**TASK GOAL:**
Whenever the string "EverBank" turns up in a line of the data below, copy that line.

**DATA FOR PROCESSING:**
· · · · · · ·
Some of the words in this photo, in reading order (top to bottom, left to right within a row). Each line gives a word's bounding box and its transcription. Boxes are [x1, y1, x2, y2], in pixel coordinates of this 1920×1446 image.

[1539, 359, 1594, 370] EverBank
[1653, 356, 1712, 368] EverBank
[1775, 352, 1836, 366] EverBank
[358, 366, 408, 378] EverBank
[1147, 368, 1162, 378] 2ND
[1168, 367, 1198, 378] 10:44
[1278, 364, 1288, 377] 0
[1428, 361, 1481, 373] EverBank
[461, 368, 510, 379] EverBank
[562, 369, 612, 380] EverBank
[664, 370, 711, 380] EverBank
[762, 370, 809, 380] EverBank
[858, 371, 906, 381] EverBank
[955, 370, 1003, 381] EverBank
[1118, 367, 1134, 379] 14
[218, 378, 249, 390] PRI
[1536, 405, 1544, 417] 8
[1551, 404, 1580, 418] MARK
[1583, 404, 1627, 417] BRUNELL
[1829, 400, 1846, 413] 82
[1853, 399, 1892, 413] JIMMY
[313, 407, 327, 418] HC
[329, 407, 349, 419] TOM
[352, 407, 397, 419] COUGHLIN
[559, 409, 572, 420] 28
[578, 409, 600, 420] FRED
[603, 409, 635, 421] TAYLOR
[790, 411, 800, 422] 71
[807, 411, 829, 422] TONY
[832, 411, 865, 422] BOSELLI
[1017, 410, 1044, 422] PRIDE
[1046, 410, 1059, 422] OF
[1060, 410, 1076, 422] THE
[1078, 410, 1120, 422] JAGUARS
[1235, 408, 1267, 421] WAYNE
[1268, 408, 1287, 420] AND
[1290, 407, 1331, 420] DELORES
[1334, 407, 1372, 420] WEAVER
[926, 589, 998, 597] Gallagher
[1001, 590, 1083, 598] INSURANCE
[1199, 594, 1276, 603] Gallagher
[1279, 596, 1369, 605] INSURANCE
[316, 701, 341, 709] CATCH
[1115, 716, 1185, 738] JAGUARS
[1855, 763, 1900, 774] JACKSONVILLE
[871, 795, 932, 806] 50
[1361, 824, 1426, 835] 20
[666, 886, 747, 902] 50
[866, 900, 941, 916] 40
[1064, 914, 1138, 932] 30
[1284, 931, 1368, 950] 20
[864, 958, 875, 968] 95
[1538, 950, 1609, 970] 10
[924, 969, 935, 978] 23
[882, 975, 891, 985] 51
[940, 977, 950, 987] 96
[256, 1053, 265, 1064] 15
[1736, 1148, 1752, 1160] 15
· · · · · · ·
**SOLUTION FOR THIS PROBLEM:**
[1539, 359, 1594, 370] EverBank
[1653, 356, 1712, 368] EverBank
[1775, 352, 1836, 366] EverBank
[358, 366, 408, 378] EverBank
[1428, 361, 1481, 373] EverBank
[461, 368, 510, 379] EverBank
[562, 369, 612, 380] EverBank
[664, 370, 711, 380] EverBank
[762, 370, 809, 380] EverBank
[858, 371, 906, 381] EverBank
[955, 370, 1003, 381] EverBank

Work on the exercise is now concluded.